The drug substance release and stability specifications were established based on the evaluation of clinical and manufacturing experience, stability trends, and statistical analyses. In-process limits and specification acceptance criteria were suitably justified and ensure the safety, identity, strength, potency, and purity of the drug substance.

The drug product release and stability specifications were established based on relevant International Council for Harmonisation of Technical Requirements for Pharmaceuticals for Human Use (ICH) guidelines, product and process knowledge, attribute criticality, and clinical experience.

In-house analytical methods were validated according to relevant ICH guidelines. All drug substance and drug product batches met the release and stability acceptance criteria.

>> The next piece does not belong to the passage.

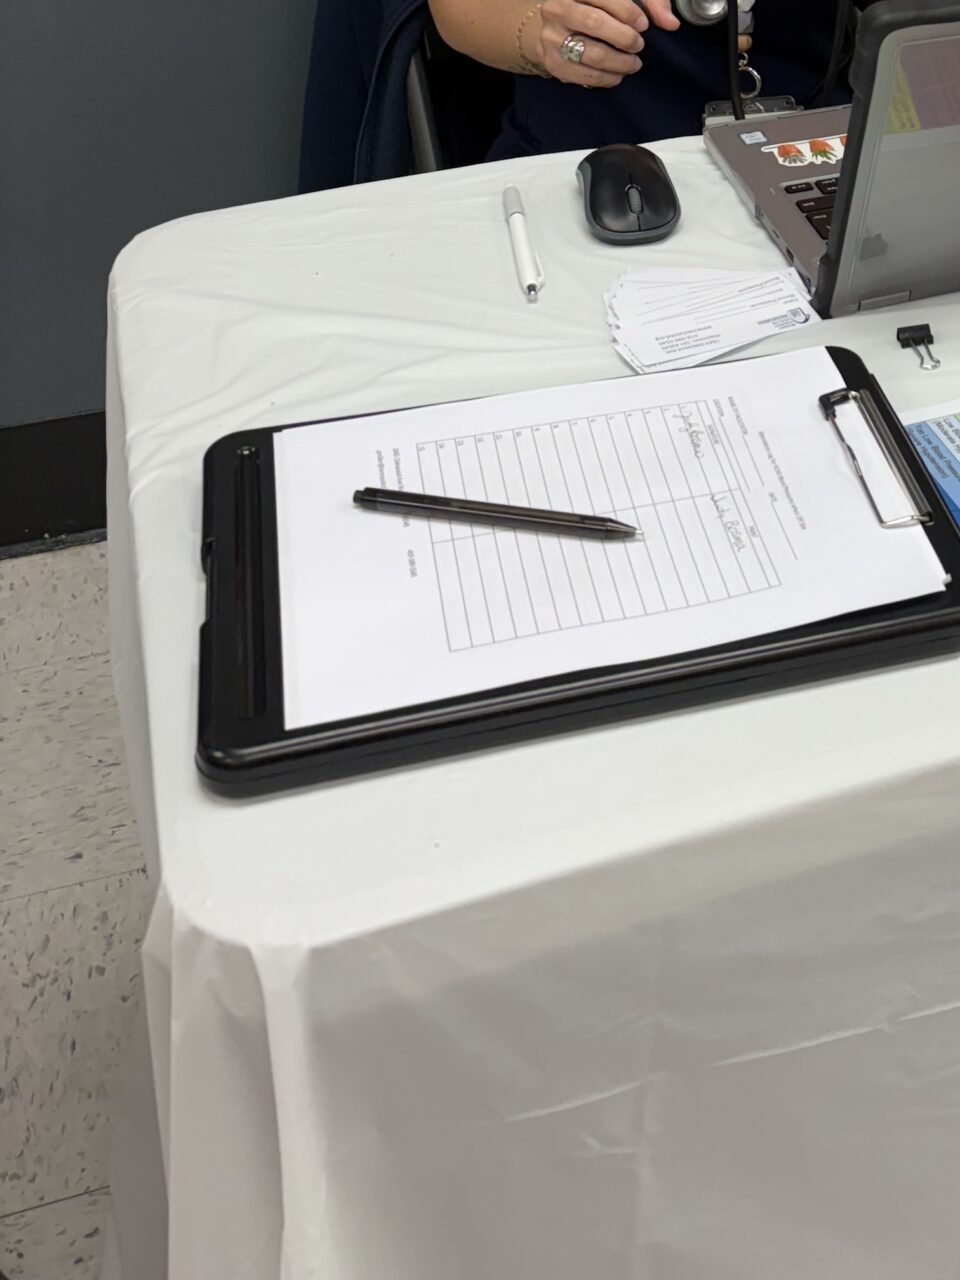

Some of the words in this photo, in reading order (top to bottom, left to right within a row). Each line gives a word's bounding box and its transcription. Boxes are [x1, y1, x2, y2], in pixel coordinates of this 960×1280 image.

Evkeeza is a Schedule D (biologic) drug and is, therefore, subject to Health Canada's Lot Release Program before sale as per the Guidance for Sponsors: Lot Release Program for Schedule D (Biologic) Drugs.

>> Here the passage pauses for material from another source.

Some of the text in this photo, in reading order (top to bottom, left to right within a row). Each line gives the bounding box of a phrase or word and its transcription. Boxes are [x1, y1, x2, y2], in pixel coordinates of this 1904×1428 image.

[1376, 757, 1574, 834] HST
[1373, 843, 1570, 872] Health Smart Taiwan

Stability of the Drug Substance and Drug Product

Based on the stability data submitted, the proposed shelf life and storage conditions for the drug substance and drug product were adequately supported and are considered to be satisfactory.

The stability data support the proposed shelf life of 48 months for evinacumab, when it is stored protected from light at or below -30 °C, and 36 months for Evkeeza, when the drug product is stored protected from light at 2 °C to 8 °C. If the diluted solution is not administered immediately, it may be stored at 2 °C to 8 °C for no more than 24 hours from the time of infusion preparation to the end of the infusion or at room temperature up to 25 °C for no more than 6 hours from the time of infusion preparation to the end of the infusion.

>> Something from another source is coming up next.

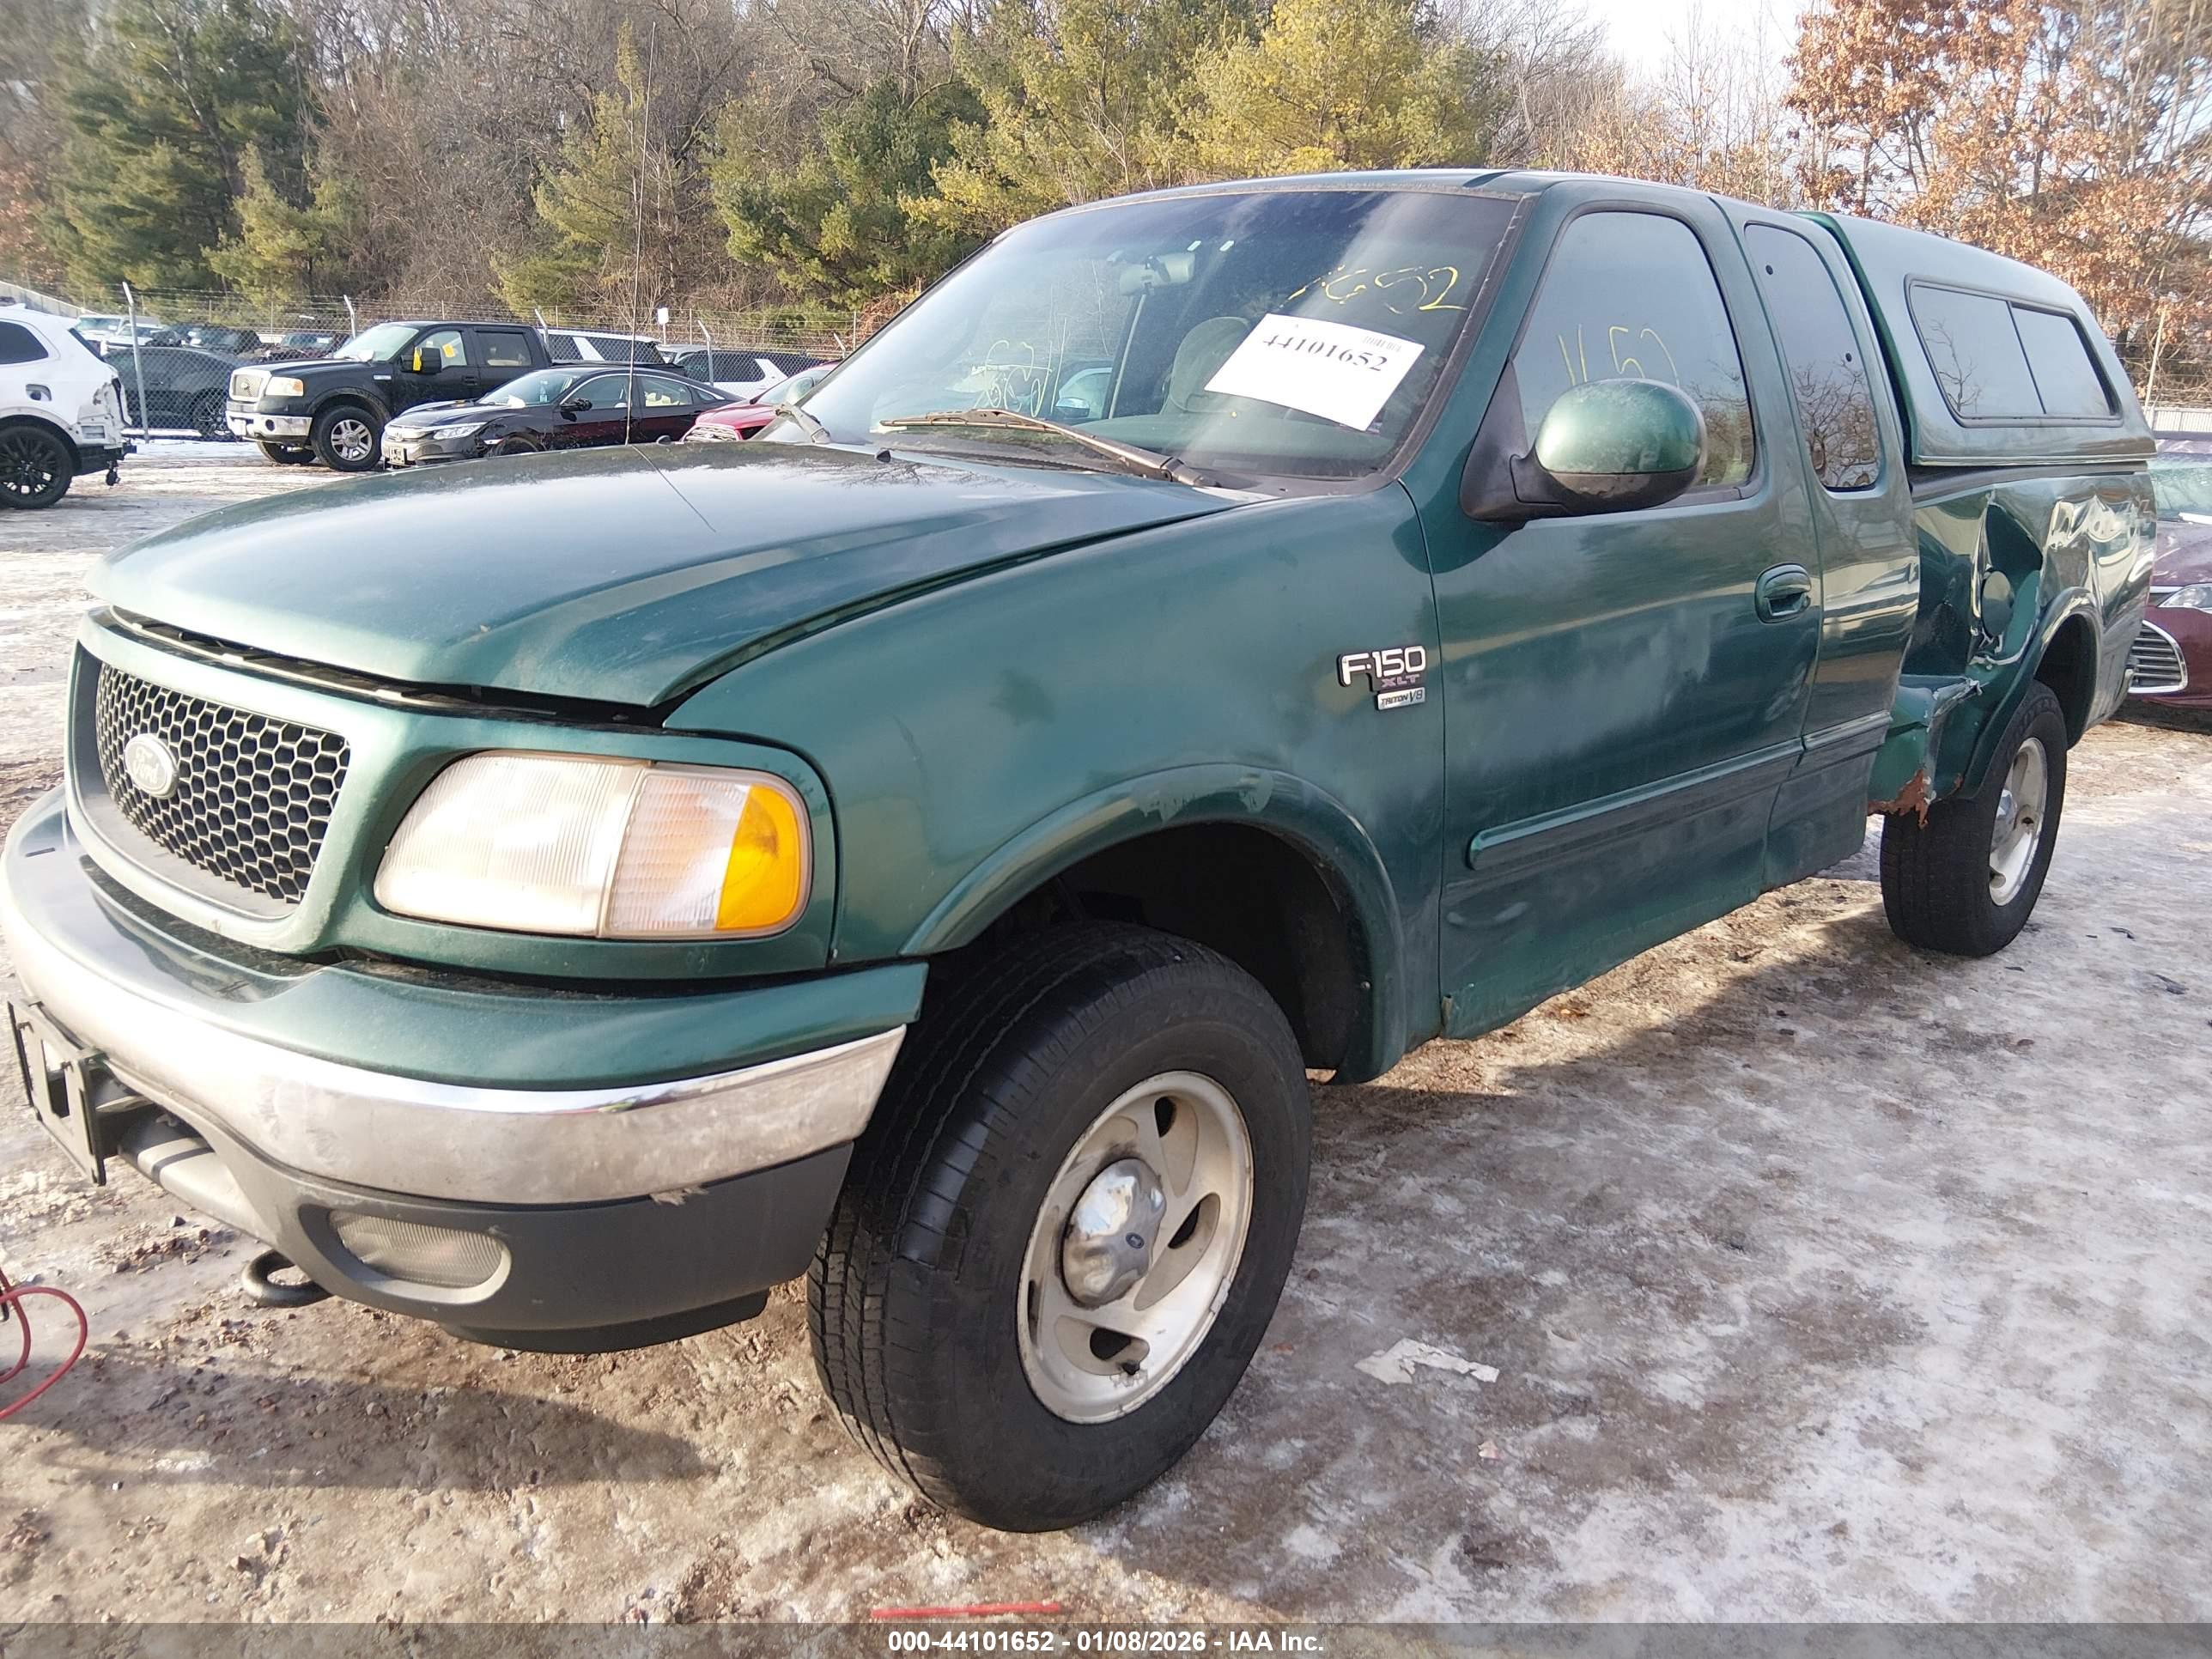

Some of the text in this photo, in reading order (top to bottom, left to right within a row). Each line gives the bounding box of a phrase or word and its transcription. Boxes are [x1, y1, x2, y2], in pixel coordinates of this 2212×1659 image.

[1263, 334, 1388, 372] 44101652
[1382, 674, 1420, 688] XLT
[1381, 690, 1423, 706] TRITON V8

The compatibility of the drug product with the primary container closure system was demonstrated through stability studies and extractables and leachables studies.

Facilities and Equipment

The design, operations, and controls of the facilities and equipment involved in the production are considered suitable for the activities and products manufactured. The manufacturing sites are compliant with good manufacturing practices. On-site evaluations of the drug substance and drug product manufacturing facilities were not deemed necessary.

Adventitious Agents Safety Evaluation

The evinacumab manufacturing process incorporates adequate control measures to prevent contamination and maintain microbial control.

No raw materials of human or animal origin are directly used in the evinacumab manufacturing process other than the CHO-derived cell line. Relevant information was provided to demonstrate the safety of animal-derived materials used during the cell line development with respect to the risks of introduction of viral adventitious agents and transmissible spongiform encephalopathy agents.

Extensive testing of the master cell bank, working cell bank, and unprocessed bulk is conducted to confirm that the cell substrate and starting materials for the drug substance manufacturing process are free of detectable adventitious agents (bacteria, fungi, mycoplasma, and viruses). The cell culture process includes in-process tests to monitor for bioburden, mycoplasma, and viruses. Scaled-down viral clearance studies demonstrate that the downstream purification process is capable of inactivating or removing model viruses with a broad range of biochemical and biophysical properties.

The excipients used in the drug product formulation are not of animal or human origin.